- **Task item**:
With the images removed, reproduce each entry below word for word.

━━ Records to process

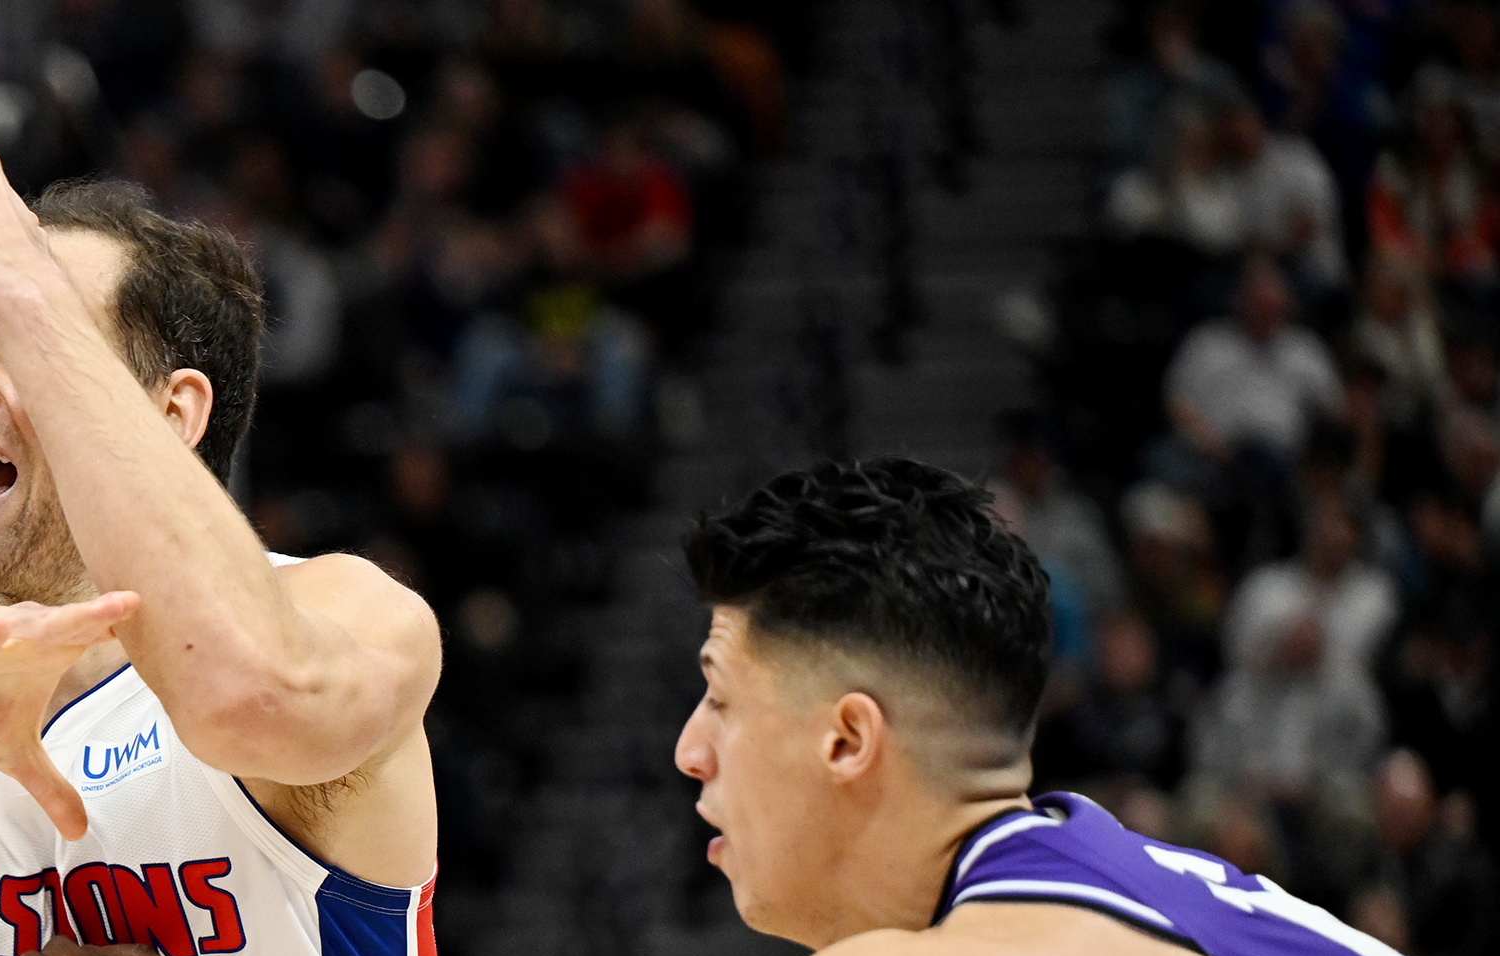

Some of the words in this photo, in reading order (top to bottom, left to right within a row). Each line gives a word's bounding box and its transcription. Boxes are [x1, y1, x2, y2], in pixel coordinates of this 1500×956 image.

[83, 719, 160, 779] UWM
[81, 784, 104, 792] UNITED
[132, 755, 163, 773] MORTGAGE
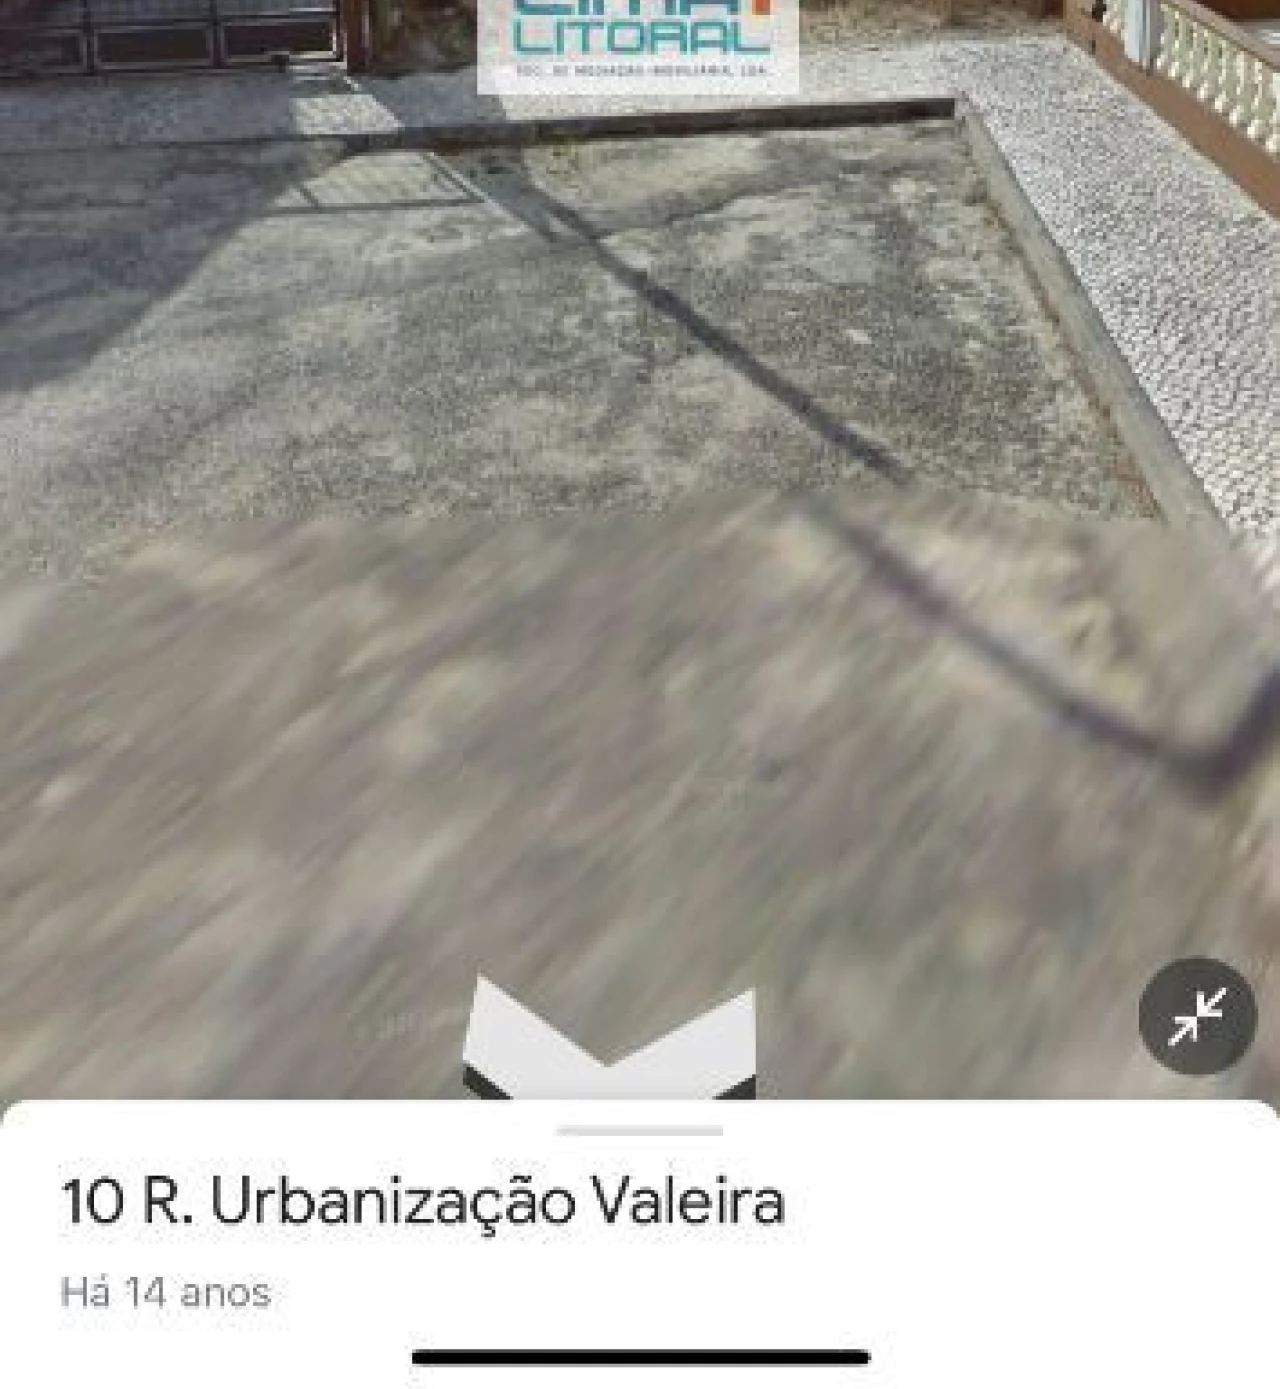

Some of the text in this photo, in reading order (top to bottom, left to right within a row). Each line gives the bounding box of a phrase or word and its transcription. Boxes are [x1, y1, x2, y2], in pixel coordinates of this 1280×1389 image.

━━━━

- **Solution to this problem**:
Some of the words in this photo, in reading order (top to bottom, left to right within a row). Each line gives a word's bounding box and its transcription. Boxes are [x1, y1, x2, y2], in pixel coordinates of this 1500×956 image.

[83, 719, 160, 779] UWM
[81, 784, 104, 792] UNITED
[132, 755, 163, 773] MORTGAGE

Some of the text in this photo, in reading order (top to bottom, left to right within a row). Each line gives the bounding box of a phrase or word and its transcription. Boxes are [x1, y1, x2, y2], in pixel coordinates of this 1280×1389 image.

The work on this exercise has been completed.